Dès les premières pages, j'ai retrouvé dans l'écriture la même ferveur lumineuse, la même grâce, la même sensibilité. Dans des poèmes pour l'essentiel en vers, Sophia de Mello Breyner-Andresen partage, édifie, invoque magnifiquement les choses vues, le temps des voyages (les références à la Grèce et à sa mythologie – Orphée et Eurydice, le Minotaure) sont nombreuses dans ce recueil), la beauté des paysages méditerranéens mais aussi les êtres chers, les poètes disparus (Fernando Pessoa / Ricardo Reis, Lord Byron, Jorge de Sena,...).

« MUSE
[…]
Muse enseigne-moi le chant
Où la mer respire
Constellée de brillants
Muse enseigne-moi le chant
De la fenêtre carrée
Et de la chambre blanche

Que je puisse dire comment
Le soir effleurait ici
La table et la porte
Le miroir et le corps
Et comment il les recouvrait

Car le temps me coupe
Le temps me divise
Le temps me traverse
Et me sépare vivante
Du sol et du mur
De la maison primitive

Muse enseigne-moi le chant
Vénérable et ancien
Pour saisir l'éclat
De ce matin lisse
Qui posait doucement
Ses doigts sur la dune
Et repassait à la chaux les murs
De la maison propre et blanche
[…] »

Dans une écriture tout en maîtrise et en élégance, Sophia de Mello Breyner-Andresen pose les bases d'une écriture portée sur l'idée de transcendance et de pureté. Selon elle, nulle métaphysique ne peut exister sans sa transposition dans le domaine de l'existence et du vécu, nul rapprochement possible entre l'origine et la fin des choses. Cette transcendance s'incarne dans tous les recoins de sa poésie, elle en est sa vitalité, sa condition même.

« LES AMIS
Revenir là où
La verte explosion de la vague
L'écume le brouillard l'horizon la plage
Conservent intacte la fougueuse
Et ancienne jeunesse -
Mais comment sans les amis
Sans le partage l'étreinte la communion
Respirer l'odeur d'algue des marées
Et cueillir l'étoile de mer dans ma main »
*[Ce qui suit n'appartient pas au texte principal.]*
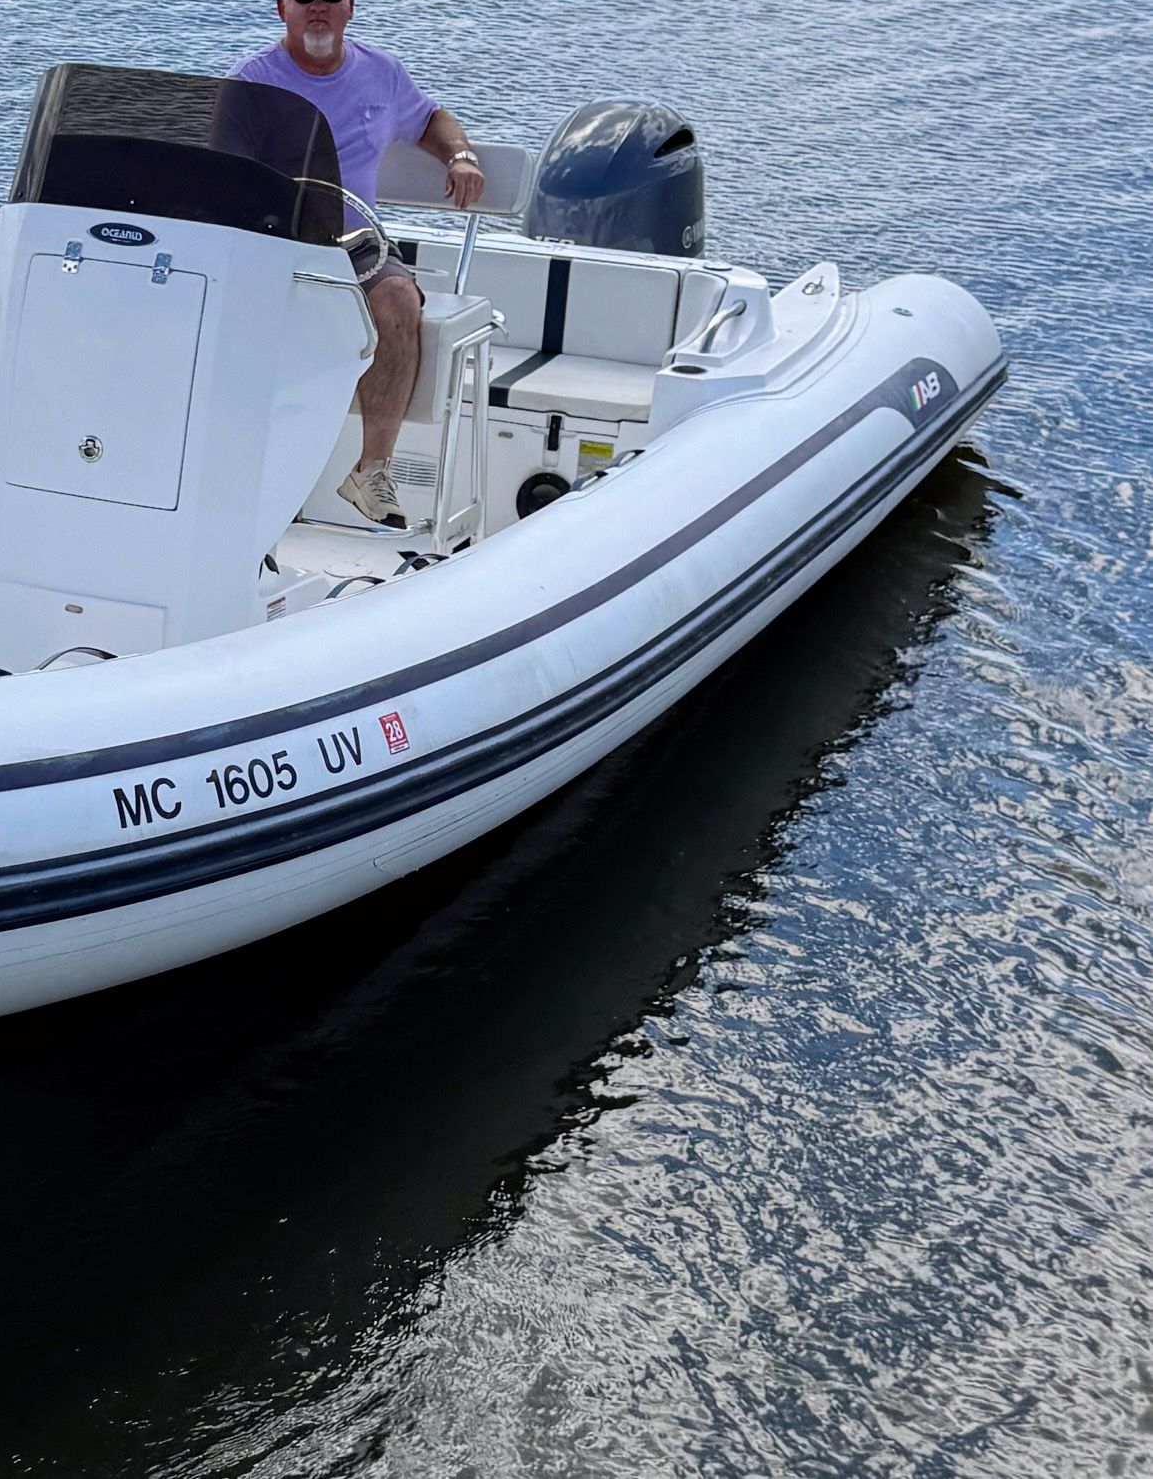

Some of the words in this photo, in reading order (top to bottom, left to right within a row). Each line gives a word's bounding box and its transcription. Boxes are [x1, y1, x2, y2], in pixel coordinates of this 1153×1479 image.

Beaucoup des textes du recueil - ce peut être aussi quelques vers d'un poème - touchent au sublime comme Chemin matinal (Caminho da manha) ou Les Grottes (As Grutas). La parole s'épanche mais garde en elle sa réserve de pudeur pour être au plus près de la pensée. Ce don de la parole suscite l'émotion, traverse le temps et les paysages. Ainsi la poésie de Sophia de Mello Breyner-Andresen nous parvient-elle, libre et lumineuse.

« 25 AVRIL
Voici l'aube que j'ai tant attendue
Le jour initial entier et pur
Où nous émergeons de la nuit et du silence
Et libres nous habitons la substance du temps »


.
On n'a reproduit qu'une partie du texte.